*Task brief*:
A word-for-word restatement of the data is what is needed.

*Records*:
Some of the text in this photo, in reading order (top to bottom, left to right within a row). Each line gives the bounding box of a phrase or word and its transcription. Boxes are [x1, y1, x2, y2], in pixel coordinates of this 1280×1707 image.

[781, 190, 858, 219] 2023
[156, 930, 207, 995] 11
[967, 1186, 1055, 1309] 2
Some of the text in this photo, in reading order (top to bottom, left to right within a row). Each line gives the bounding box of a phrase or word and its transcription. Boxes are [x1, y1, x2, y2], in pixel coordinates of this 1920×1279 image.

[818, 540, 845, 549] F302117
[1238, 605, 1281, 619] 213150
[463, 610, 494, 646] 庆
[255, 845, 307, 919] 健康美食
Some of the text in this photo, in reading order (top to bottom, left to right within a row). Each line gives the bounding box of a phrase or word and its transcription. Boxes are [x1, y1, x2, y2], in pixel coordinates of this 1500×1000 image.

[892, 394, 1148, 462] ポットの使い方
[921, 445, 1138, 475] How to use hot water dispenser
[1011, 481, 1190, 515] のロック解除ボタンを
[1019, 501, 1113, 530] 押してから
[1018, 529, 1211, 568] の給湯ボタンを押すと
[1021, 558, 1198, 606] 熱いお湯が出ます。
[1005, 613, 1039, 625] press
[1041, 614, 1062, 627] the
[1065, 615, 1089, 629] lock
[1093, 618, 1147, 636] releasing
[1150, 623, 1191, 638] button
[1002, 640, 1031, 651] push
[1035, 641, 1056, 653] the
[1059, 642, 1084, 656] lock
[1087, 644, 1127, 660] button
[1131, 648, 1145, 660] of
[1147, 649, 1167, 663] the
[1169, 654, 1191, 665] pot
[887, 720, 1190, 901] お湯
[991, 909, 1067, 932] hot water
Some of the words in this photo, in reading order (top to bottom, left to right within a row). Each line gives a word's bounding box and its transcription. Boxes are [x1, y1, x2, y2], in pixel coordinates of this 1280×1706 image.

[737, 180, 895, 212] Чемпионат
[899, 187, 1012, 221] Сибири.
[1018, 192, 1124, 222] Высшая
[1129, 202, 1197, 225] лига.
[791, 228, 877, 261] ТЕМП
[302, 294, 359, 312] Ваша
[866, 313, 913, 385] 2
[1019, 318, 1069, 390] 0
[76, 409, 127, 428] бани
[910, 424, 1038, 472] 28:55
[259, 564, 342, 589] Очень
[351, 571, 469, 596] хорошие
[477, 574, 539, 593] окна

*Completed task*:
Some of the text in this photo, in reading order (top to bottom, left to right within a row). Each line gives the bounding box of a phrase or word and its transcription. Boxes are [x1, y1, x2, y2], in pixel coordinates of this 1280×1707 image.

[781, 190, 858, 219] 2023
[156, 930, 207, 995] 11
[967, 1186, 1055, 1309] 2
Some of the text in this photo, in reading order (top to bottom, left to right within a row). Each line gives the bounding box of a phrase or word and its transcription. Boxes are [x1, y1, x2, y2], in pixel coordinates of this 1920×1279 image.

[818, 540, 845, 549] F302117
[1238, 605, 1281, 619] 213150
[463, 610, 494, 646] 庆
[255, 845, 307, 919] 健康美食
Some of the text in this photo, in reading order (top to bottom, left to right within a row). Each line gives the bounding box of a phrase or word and its transcription. Boxes are [x1, y1, x2, y2], in pixel coordinates of this 1500×1000 image.

[892, 394, 1148, 462] ポットの使い方
[921, 445, 1138, 475] How to use hot water dispenser
[1011, 481, 1190, 515] のロック解除ボタンを
[1019, 501, 1113, 530] 押してから
[1018, 529, 1211, 568] の給湯ボタンを押すと
[1021, 558, 1198, 606] 熱いお湯が出ます。
[1005, 613, 1039, 625] press
[1041, 614, 1062, 627] the
[1065, 615, 1089, 629] lock
[1093, 618, 1147, 636] releasing
[1150, 623, 1191, 638] button
[1002, 640, 1031, 651] push
[1035, 641, 1056, 653] the
[1059, 642, 1084, 656] lock
[1087, 644, 1127, 660] button
[1131, 648, 1145, 660] of
[1147, 649, 1167, 663] the
[1169, 654, 1191, 665] pot
[887, 720, 1190, 901] お湯
[991, 909, 1067, 932] hot water
Some of the words in this photo, in reading order (top to bottom, left to right within a row). Each line gives a word's bounding box and its transcription. Boxes are [x1, y1, x2, y2], in pixel coordinates of this 1280×1706 image.

[737, 180, 895, 212] Чемпионат
[899, 187, 1012, 221] Сибири.
[1018, 192, 1124, 222] Высшая
[1129, 202, 1197, 225] лига.
[791, 228, 877, 261] ТЕМП
[302, 294, 359, 312] Ваша
[866, 313, 913, 385] 2
[1019, 318, 1069, 390] 0
[76, 409, 127, 428] бани
[910, 424, 1038, 472] 28:55
[259, 564, 342, 589] Очень
[351, 571, 469, 596] хорошие
[477, 574, 539, 593] окна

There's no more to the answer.